## [About this exercise]
Below is a set of entries. Reproduce exactly the lines from the one containing "this 1418×1416 image." through the end, both included.

## [Records excerpted from a collection]
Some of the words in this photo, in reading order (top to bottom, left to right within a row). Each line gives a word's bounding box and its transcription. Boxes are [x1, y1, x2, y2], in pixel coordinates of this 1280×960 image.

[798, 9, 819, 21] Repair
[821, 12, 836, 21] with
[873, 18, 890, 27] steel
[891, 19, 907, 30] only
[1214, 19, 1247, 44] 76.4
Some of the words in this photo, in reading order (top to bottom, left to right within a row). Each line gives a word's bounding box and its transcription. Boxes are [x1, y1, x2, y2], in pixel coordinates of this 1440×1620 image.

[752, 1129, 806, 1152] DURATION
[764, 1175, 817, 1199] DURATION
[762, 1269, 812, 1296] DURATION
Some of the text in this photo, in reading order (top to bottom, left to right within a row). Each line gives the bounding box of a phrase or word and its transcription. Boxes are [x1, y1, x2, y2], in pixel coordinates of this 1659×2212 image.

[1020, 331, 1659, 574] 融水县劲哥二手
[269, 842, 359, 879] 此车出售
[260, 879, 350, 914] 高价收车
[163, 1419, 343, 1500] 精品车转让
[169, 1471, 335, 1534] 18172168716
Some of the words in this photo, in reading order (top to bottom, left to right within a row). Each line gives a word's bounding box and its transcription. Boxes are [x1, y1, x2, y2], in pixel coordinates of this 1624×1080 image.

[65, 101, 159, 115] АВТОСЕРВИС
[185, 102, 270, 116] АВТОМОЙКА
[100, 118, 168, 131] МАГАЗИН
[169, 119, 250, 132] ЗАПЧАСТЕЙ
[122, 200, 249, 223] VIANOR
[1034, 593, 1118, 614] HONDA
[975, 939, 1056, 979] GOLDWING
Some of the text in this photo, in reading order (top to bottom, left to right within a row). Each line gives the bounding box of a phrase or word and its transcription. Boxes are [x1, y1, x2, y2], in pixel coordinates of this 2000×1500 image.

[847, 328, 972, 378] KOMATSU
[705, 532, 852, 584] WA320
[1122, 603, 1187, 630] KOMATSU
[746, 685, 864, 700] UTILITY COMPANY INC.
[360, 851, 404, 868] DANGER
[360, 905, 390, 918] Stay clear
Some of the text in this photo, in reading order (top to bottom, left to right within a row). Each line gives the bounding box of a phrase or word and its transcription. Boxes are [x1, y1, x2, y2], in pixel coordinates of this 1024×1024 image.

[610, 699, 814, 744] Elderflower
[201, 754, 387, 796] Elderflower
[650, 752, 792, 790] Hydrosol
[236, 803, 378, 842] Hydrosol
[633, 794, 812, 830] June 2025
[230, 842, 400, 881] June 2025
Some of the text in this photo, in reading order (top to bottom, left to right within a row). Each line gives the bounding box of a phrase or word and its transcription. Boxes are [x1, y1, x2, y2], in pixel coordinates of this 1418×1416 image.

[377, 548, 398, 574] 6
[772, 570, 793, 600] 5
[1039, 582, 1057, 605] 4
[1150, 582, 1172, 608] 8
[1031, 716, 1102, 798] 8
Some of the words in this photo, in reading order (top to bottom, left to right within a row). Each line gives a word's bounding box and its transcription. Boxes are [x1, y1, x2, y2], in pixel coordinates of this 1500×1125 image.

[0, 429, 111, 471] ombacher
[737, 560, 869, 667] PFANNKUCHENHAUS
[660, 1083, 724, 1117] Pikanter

## [Result of the exercise]
Some of the text in this photo, in reading order (top to bottom, left to right within a row). Each line gives the bounding box of a phrase or word and its transcription. Boxes are [x1, y1, x2, y2], in pixel coordinates of this 1418×1416 image.

[377, 548, 398, 574] 6
[772, 570, 793, 600] 5
[1039, 582, 1057, 605] 4
[1150, 582, 1172, 608] 8
[1031, 716, 1102, 798] 8
Some of the words in this photo, in reading order (top to bottom, left to right within a row). Each line gives a word's bounding box and its transcription. Boxes are [x1, y1, x2, y2], in pixel coordinates of this 1500×1125 image.

[0, 429, 111, 471] ombacher
[737, 560, 869, 667] PFANNKUCHENHAUS
[660, 1083, 724, 1117] Pikanter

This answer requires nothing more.